Showing posts with label redis. Show all posts
Showing posts with label redis. Show all posts

Saturday, April 20, 2013

Using Sidekiq with Faye to notify client web pages and applications of updates

Recently I was given a small coding challenge of how I would update sites & client applicaitons with notifications of content being released. My mind immediately flew to the faye gem. However, this would be a serious block if my app had to halt everything to send out the notification to a bunch of browsers. So, I added in Sidekiq.

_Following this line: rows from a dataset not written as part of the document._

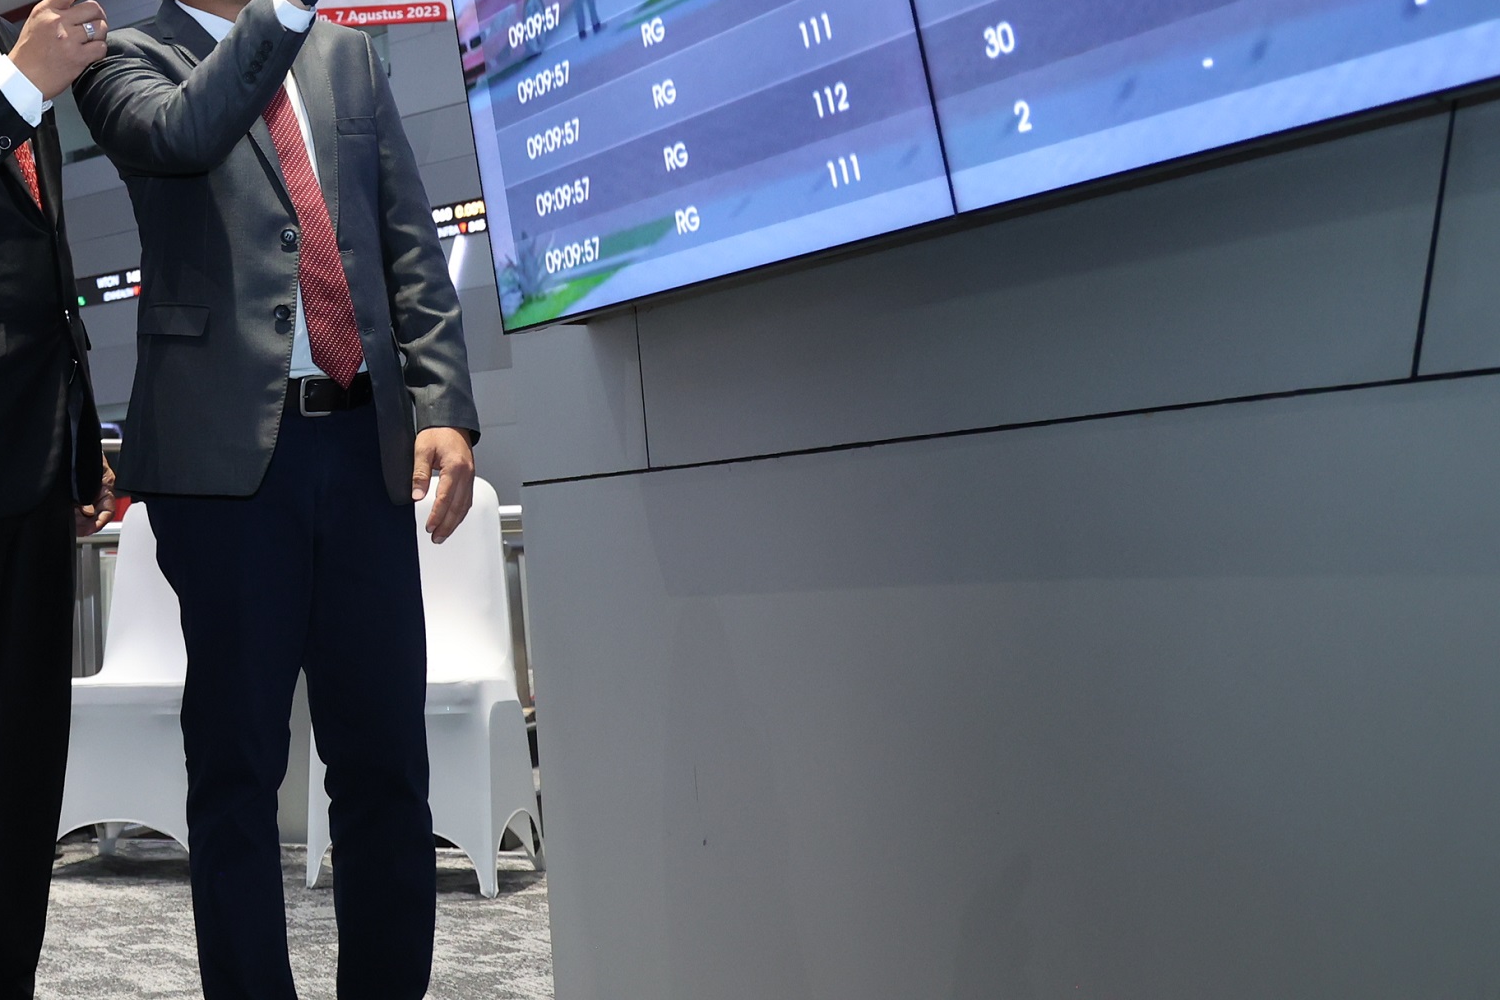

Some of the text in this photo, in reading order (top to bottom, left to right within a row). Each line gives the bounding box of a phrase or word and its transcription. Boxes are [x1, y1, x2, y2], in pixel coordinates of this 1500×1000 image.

[336, 11, 344, 22] 7
[347, 9, 404, 24] Agustus
[407, 6, 441, 18] 2023
[508, 3, 561, 48] 09:09:57
[517, 60, 570, 104] 09:09:57
[641, 18, 666, 49] RG
[526, 118, 580, 161] 09:09:57
[652, 79, 677, 110] RG
[799, 12, 832, 49] 111
[535, 21, 1016, 217] 09:09:57 RG 112 30
[545, 101, 1032, 274] 09:09:57 RG 111 2

In the Content Model I put this to call out to Sidekiq:
  def self.release_next
    ContentWorker.perform_async
  end
The ContentWorker then looks like this:
class ContentWorker
  include Sidekiq::Worker
  sidekiq_options queue: "content"

  def perform
    next_release = Content.next_release(Content.last_release)
    # puts the data into JSON format; for actual content it could encode a url that is then loaded
    vars = ["title" => next_release.title,
             "site" => next_release.site,
             "released_at" => next_release.released_at.strftime("%l:%M:%S %p %m-%d-%Y")].to_json
    message = {:channel => "/releases", :data => vars, :ext => {:auth_token => FAYE_TOKEN}}

    uri = URI.parse(FAYE_SUBSCRIPTION_PATH)
    Net::HTTP.post_form(uri, :message => message.to_json)
    next_release.update_attribute(:released_at, DateTime.now)
  end
end
I created a designated queue in Sidekiq for the messages and then made the Faye channel creation configurable via an environment variable from an initializer file (/config/initializers/faye_configuration.rb):
FAYE_SUBSCRIPTION_PATH = "http://localhost:9292/faye"
The client then just listens in on the Faye channel and acts upon a message coming through. Here is the Javascript I wrote for listening to the Channel and adding the new release to the top of the view table just below the headers:
$(function() {
   var faye = new Faye.Client("http://192.168.0.12:9292/faye");
   faye.subscribe("/releases", function(data) {
      add_to_table(data);
   });
});

function add_to_table(data){
    var json_obj = jQuery.parseJSON(data);
    var $content_table = $('#content_table');
    if ($content_table.find('tr').length >= 10 ) {
        $content_table.find("tr:last").remove();
    }
    $("#header").after("<tr><td>" + json_obj[0].title+ "</td><td>" + json_obj[0].site + "</td><td>" + json_obj[0].released_at + "</td></tr>");
}
All in all a nice little challenge. I have not had a chance to try it out beyond my home network yet so I am not sure how performant the solution would be.